(Since a full rotation brings every point on the triangle back to where it started, mathematicians stop counting rotations past 360 degrees.)
These symmetries are discrete: They form a set of distinct transformations that have to be applied in separate, unconnected steps. But you can also study continuous symmetries. It doesn’t matter, for instance, if you spin a Frisbee 1.5 degrees, or 15 degrees, or 150 degrees — you can rotate it by any real number, and it will appear the same. Unlike the triangle, it has infinitely many symmetries.
These rotations form a group called SO(2). “If you have just a reflection, OK, you have it, and that’s good,” said Anton Alekseev, a mathematician at the University of Geneva. “But that’s just one operation.” This group, on the other hand, “is many, many operations in one package” — uncountably many.
Each rotation of the Frisbee can be represented as a point in the coordinate plane. If you plot all possible rotations of the Frisbee in this way, you’ll end up with infinitely many points that together form a circle.
This extra property is what makes SO(2) a Lie group — it can be visualized as a smooth, continuous shape called a manifold. Other Lie groups might look like the surface of a doughnut, or a high-dimensional sphere, or something even stranger: The group of all rotations of a ball in space, known to mathematicians as SO(3), is a six-dimensional tangle of spheres and circles.
Whatever the specifics, the smooth geometry of Lie groups is the secret ingredient that elevates their status among groups.
Off on a Tangent
It took time for Marius Sophus Lie to make his way to mathematics.
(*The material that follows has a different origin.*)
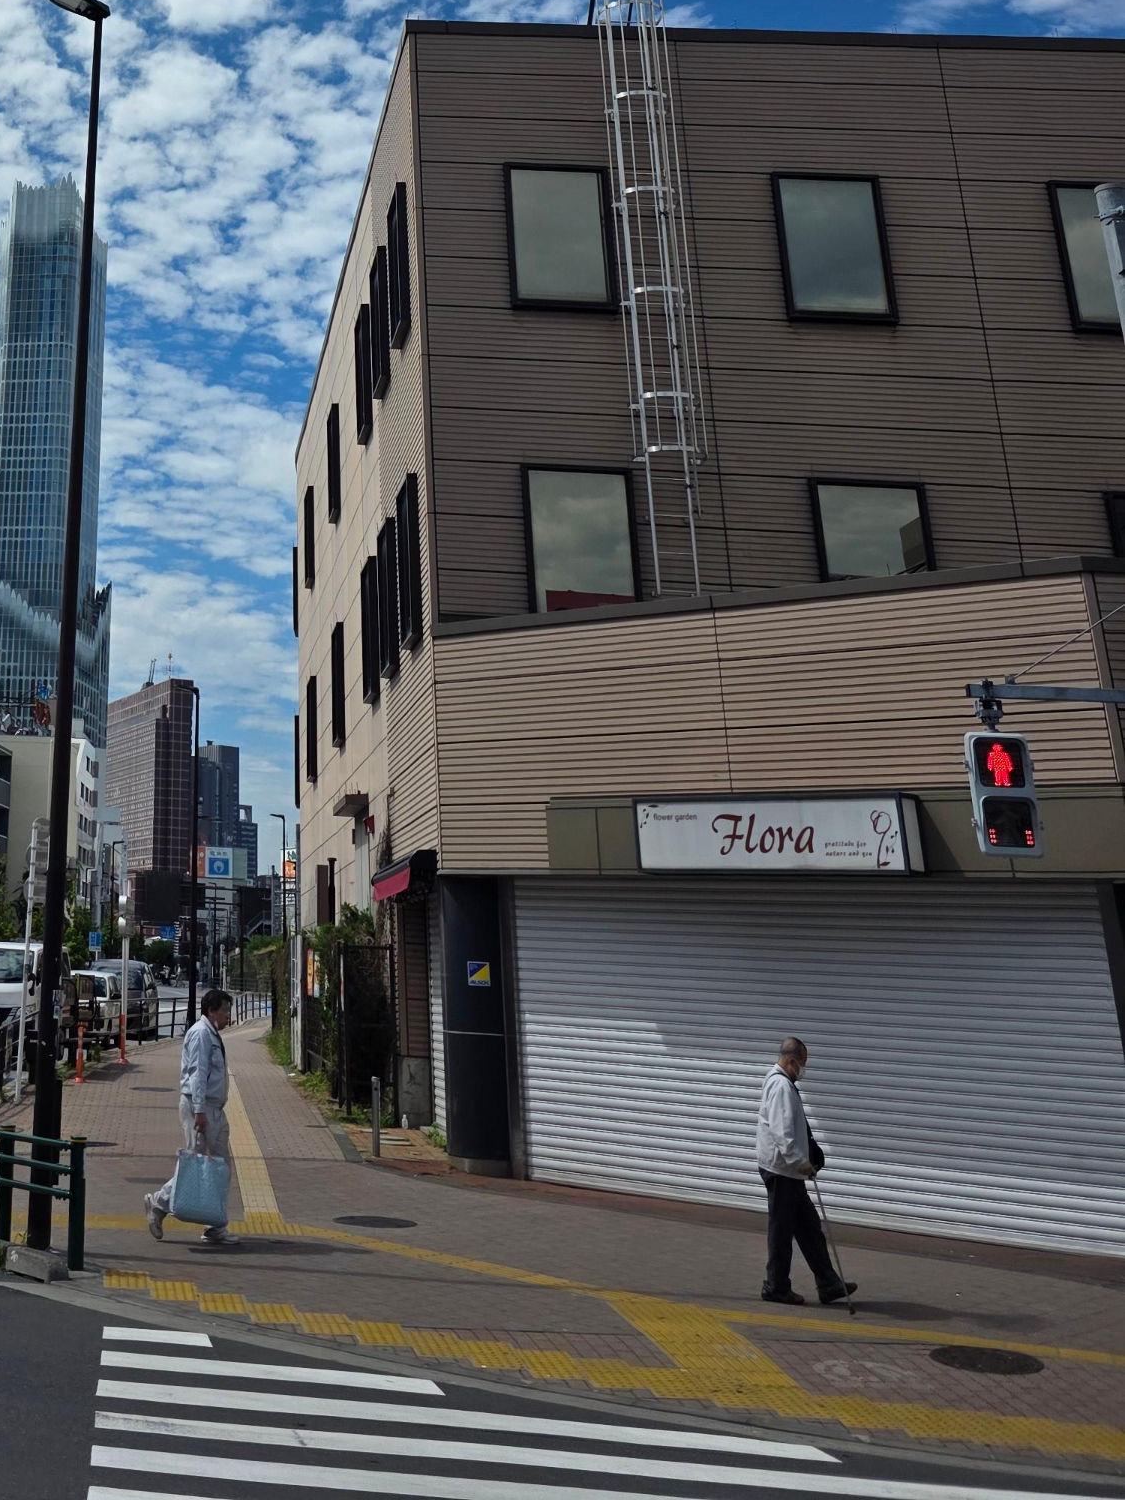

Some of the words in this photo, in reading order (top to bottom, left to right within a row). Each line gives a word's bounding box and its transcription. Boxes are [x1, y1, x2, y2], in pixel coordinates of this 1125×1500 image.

[653, 813, 674, 821] flower
[675, 813, 698, 822] garden
[711, 813, 815, 856] Flora
Growing up in Norway in the 1850s, he hoped to pursue a military career once he finished secondary school. Instead, forced to abandon his dream due to poor eyesight, he ended up in university, unsure of what to study. He took courses in astronomy and mechanics, and flirted briefly with physics, botany and zoology before finally being drawn to math — geometry in particular.
In the late 1860s, he continued his studies, first in Germany and then in France. He was in Paris in 1870 when the Franco-Prussian War broke out. He soon tried to leave the country, but his notes on geometry, written in German, were mistaken for encoded messages, and he was arrested, accused of being a spy. He was released from prison a month later and quickly returned to math.
In particular, he began working with groups. Forty years earlier, the mathematician Évariste Galois had used one class of groups to understand the solutions to polynomial equations. Lie now wanted to do the same thing for so-called differential equations, which are used to model how a physical system changes over time.